(Spatial localization data)
----------------

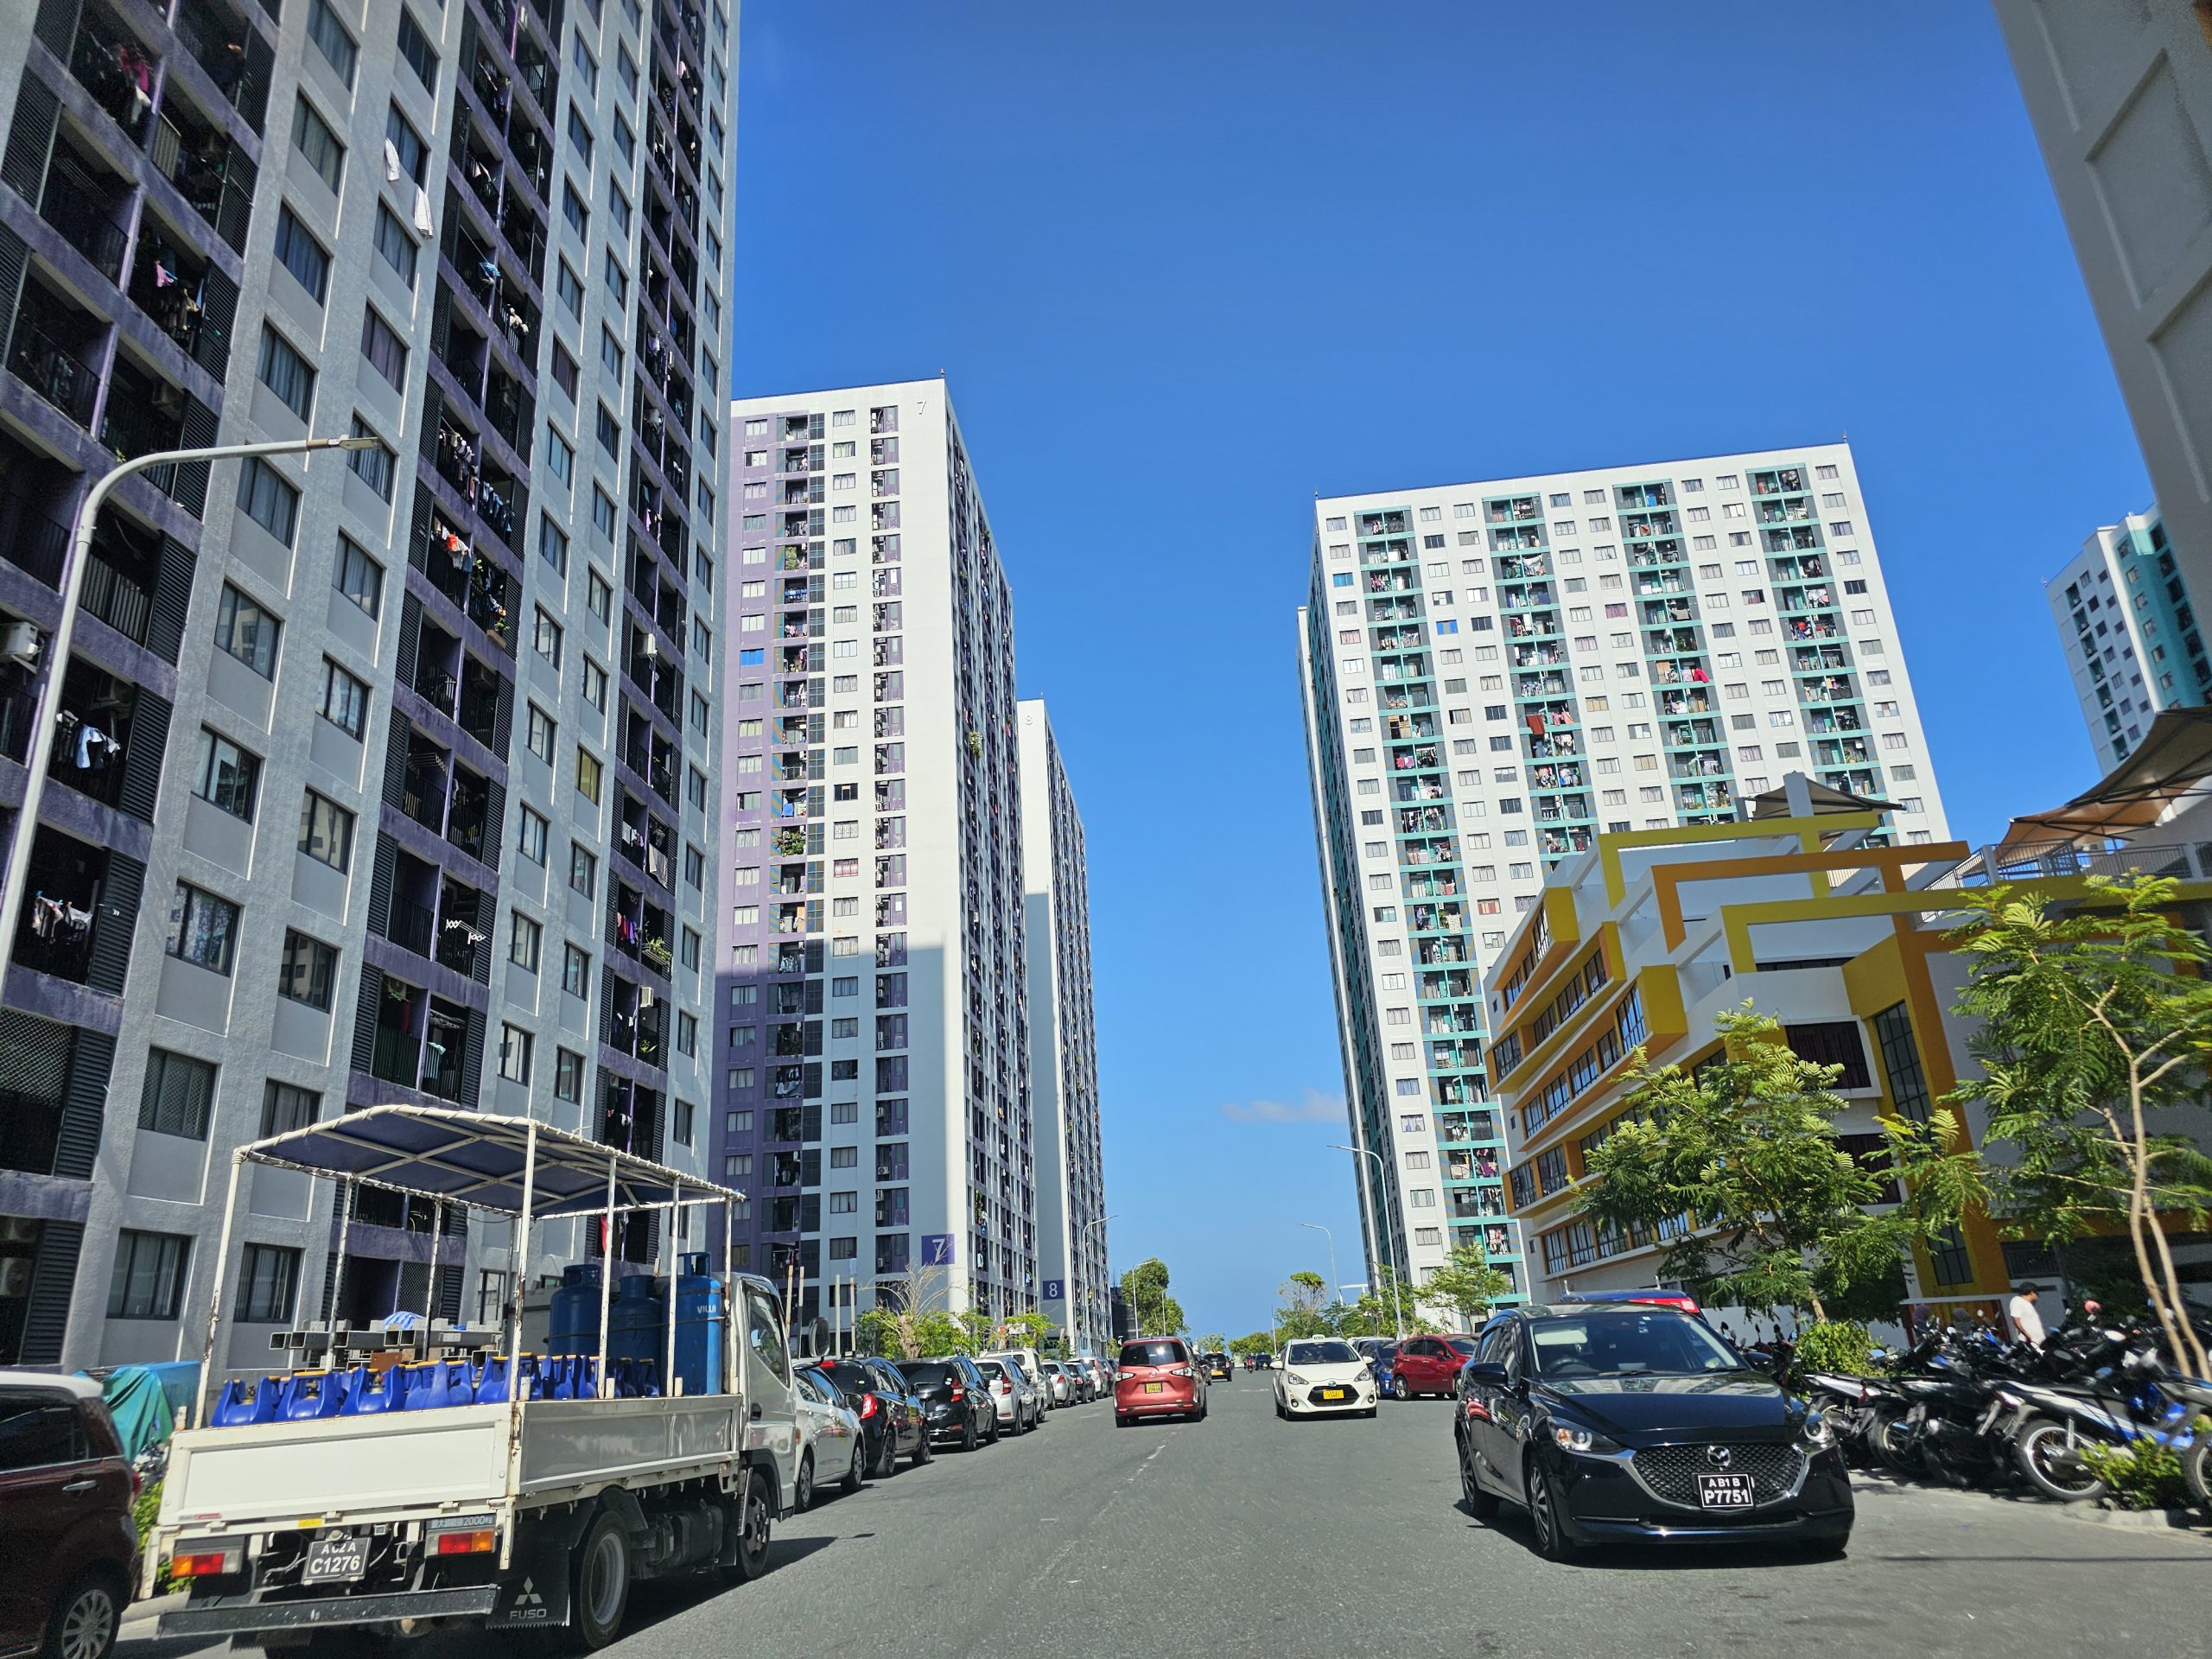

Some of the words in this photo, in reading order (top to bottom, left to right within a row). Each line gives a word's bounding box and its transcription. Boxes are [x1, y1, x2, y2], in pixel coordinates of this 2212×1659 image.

[916, 400, 927, 416] 7
[1025, 715, 1033, 726] 8
[932, 1238, 945, 1262] 7
[1049, 1282, 1058, 1298] 8
[696, 1305, 717, 1314] VILLA
[1704, 1489, 1750, 1503] P7751
[310, 1554, 361, 1574] C1276
[509, 1608, 547, 1621] FUSO
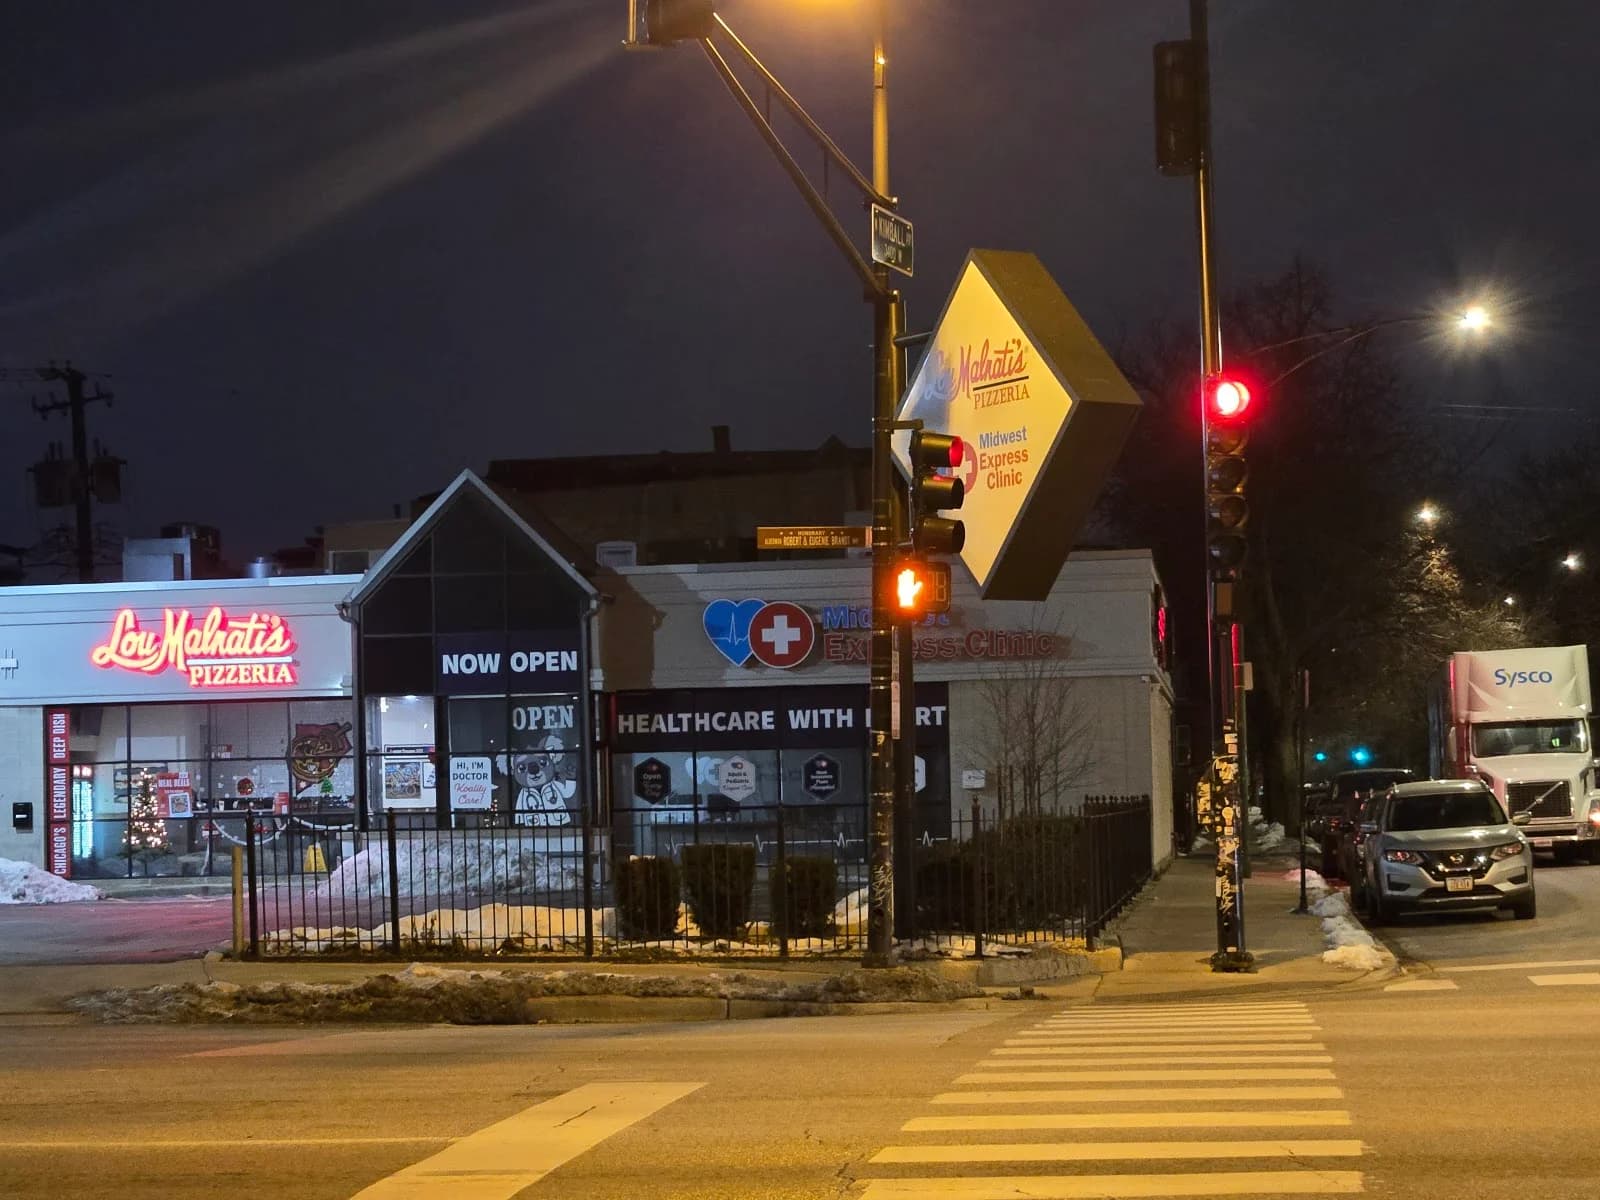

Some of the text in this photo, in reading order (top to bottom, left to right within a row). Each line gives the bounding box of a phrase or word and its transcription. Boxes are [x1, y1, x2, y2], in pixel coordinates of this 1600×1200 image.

[879, 216, 905, 247] KIMBALL
[955, 338, 1028, 399] Malnati's
[973, 383, 1030, 410] PIZZERIA
[979, 426, 1027, 449] Midwest
[979, 449, 1029, 471] Express
[987, 469, 1023, 490] Clinic
[92, 606, 292, 672] Lou Malnati's
[964, 629, 1055, 658] Clinic
[442, 651, 578, 674] NOW OPEN
[190, 664, 294, 686] PIZZERIA
[1494, 668, 1553, 688] Sysco
[512, 705, 574, 730] OPEN
[617, 710, 775, 734] HEALTHCARE
[788, 708, 853, 728] WITH
[452, 772, 489, 781] DOCTOR
[456, 761, 484, 771] HI, I'M
[53, 713, 67, 876] CHICAGO'S LEGENDARY DEEP DISH
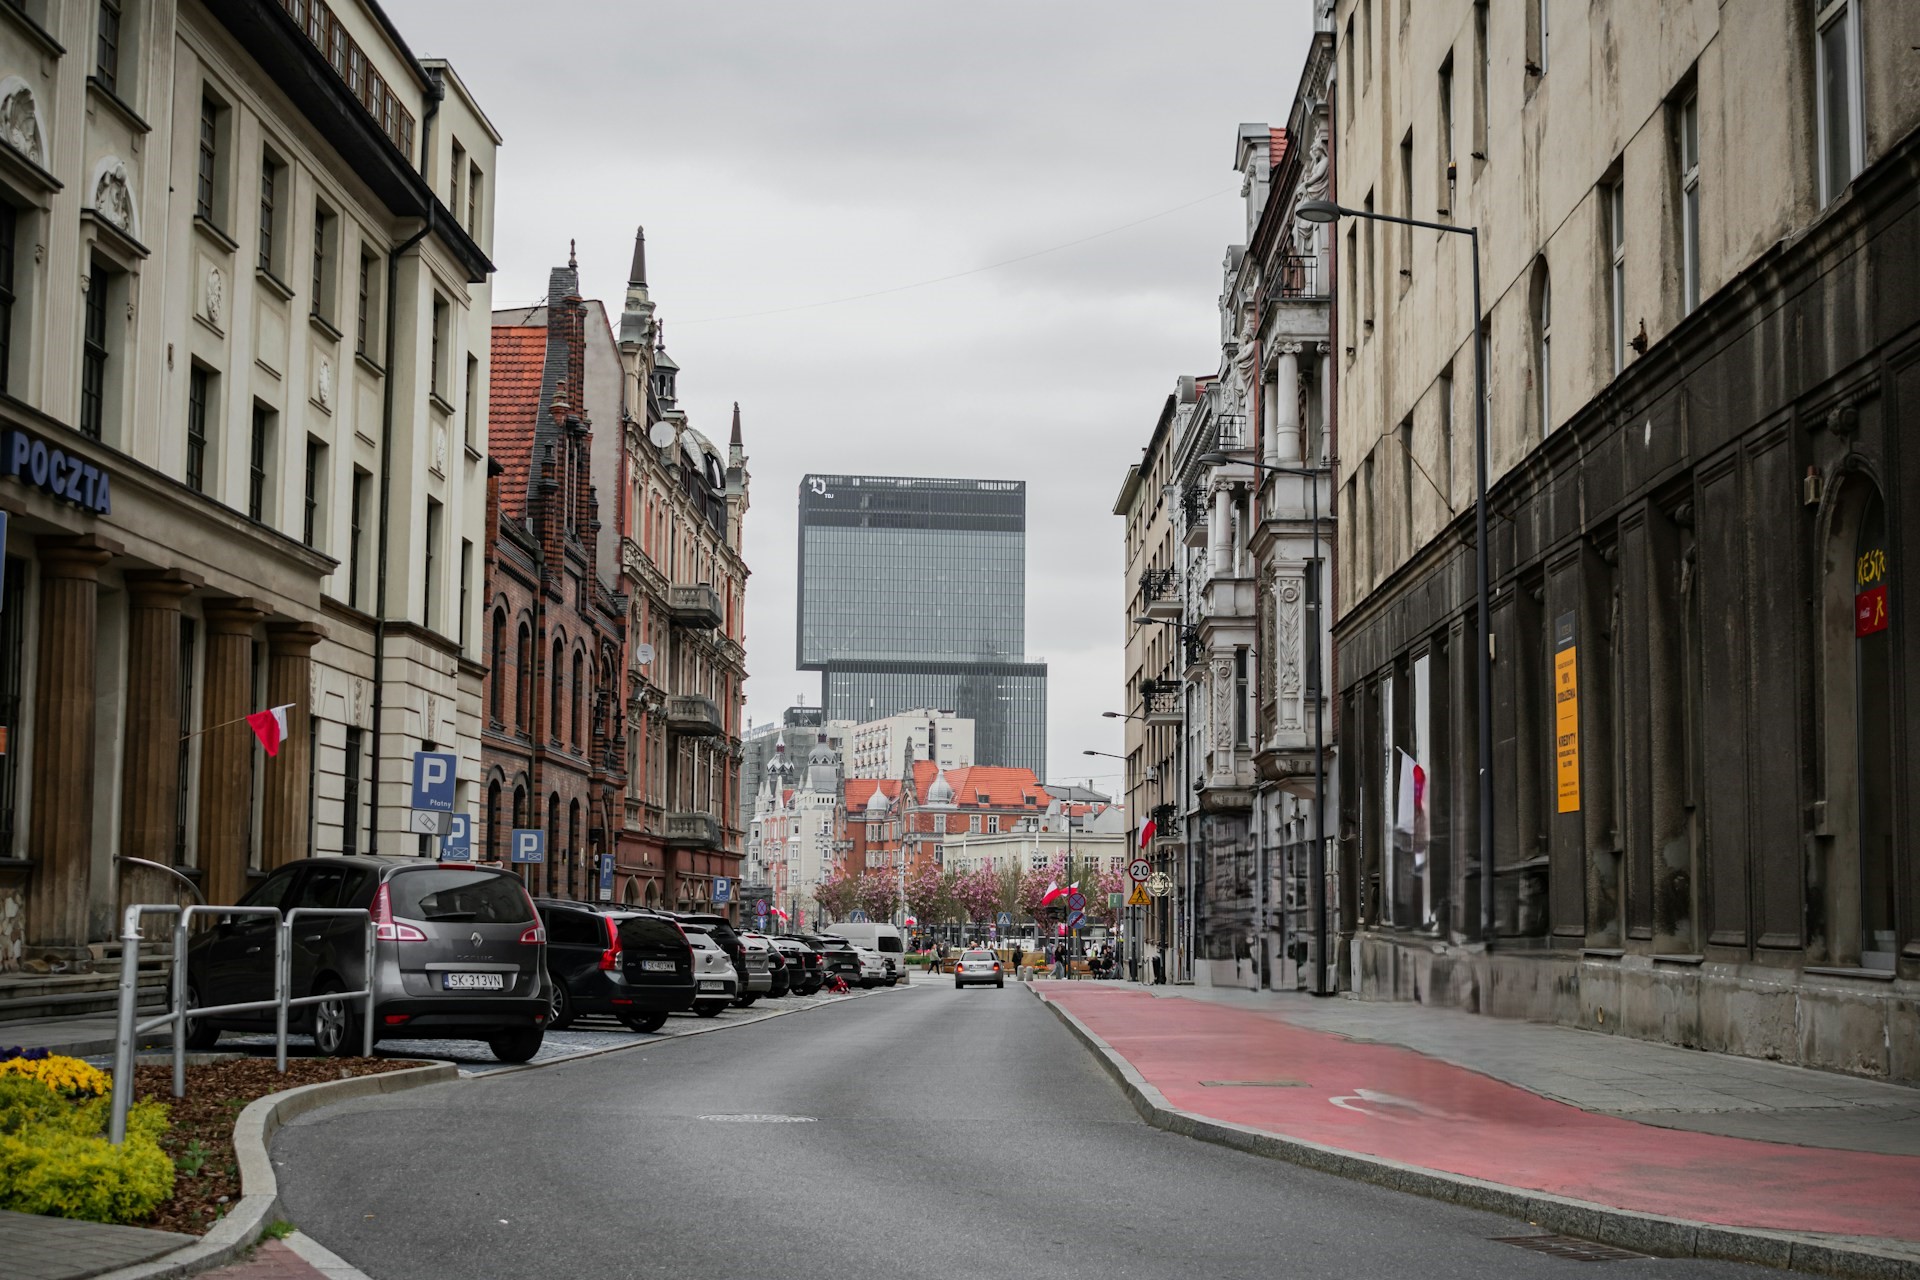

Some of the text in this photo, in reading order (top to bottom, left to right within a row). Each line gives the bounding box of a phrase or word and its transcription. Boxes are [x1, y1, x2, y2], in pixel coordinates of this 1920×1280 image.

----------------

EXERCISE DIRECTIONS: Only the records themselves, retyped exactly, belong in the answer; please leave all images behind.

SOLUTION TO THIS PROBLEM:
Some of the words in this photo, in reading order (top to bottom, left to right within a row). Each line gives a word's bounding box and its transcription. Boxes are [x1, y1, x2, y2], in pixel coordinates of this 2212×1659 image.

[916, 400, 927, 416] 7
[1025, 715, 1033, 726] 8
[932, 1238, 945, 1262] 7
[1049, 1282, 1058, 1298] 8
[696, 1305, 717, 1314] VILLA
[1704, 1489, 1750, 1503] P7751
[310, 1554, 361, 1574] C1276
[509, 1608, 547, 1621] FUSO

Some of the text in this photo, in reading order (top to bottom, left to right within a row). Each line gives the bounding box of a phrase or word and its transcription. Boxes are [x1, y1, x2, y2], in pixel coordinates of this 1600×1200 image.

[879, 216, 905, 247] KIMBALL
[955, 338, 1028, 399] Malnati's
[973, 383, 1030, 410] PIZZERIA
[979, 426, 1027, 449] Midwest
[979, 449, 1029, 471] Express
[987, 469, 1023, 490] Clinic
[92, 606, 292, 672] Lou Malnati's
[964, 629, 1055, 658] Clinic
[442, 651, 578, 674] NOW OPEN
[190, 664, 294, 686] PIZZERIA
[1494, 668, 1553, 688] Sysco
[512, 705, 574, 730] OPEN
[617, 710, 775, 734] HEALTHCARE
[788, 708, 853, 728] WITH
[452, 772, 489, 781] DOCTOR
[456, 761, 484, 771] HI, I'M
[53, 713, 67, 876] CHICAGO'S LEGENDARY DEEP DISH

Some of the text in this photo, in reading order (top to bottom, left to right within a row). Each line gives the bounding box of a phrase or word and its transcription. Boxes are [x1, y1, x2, y2], in pixel coordinates of this 1920×1280 image.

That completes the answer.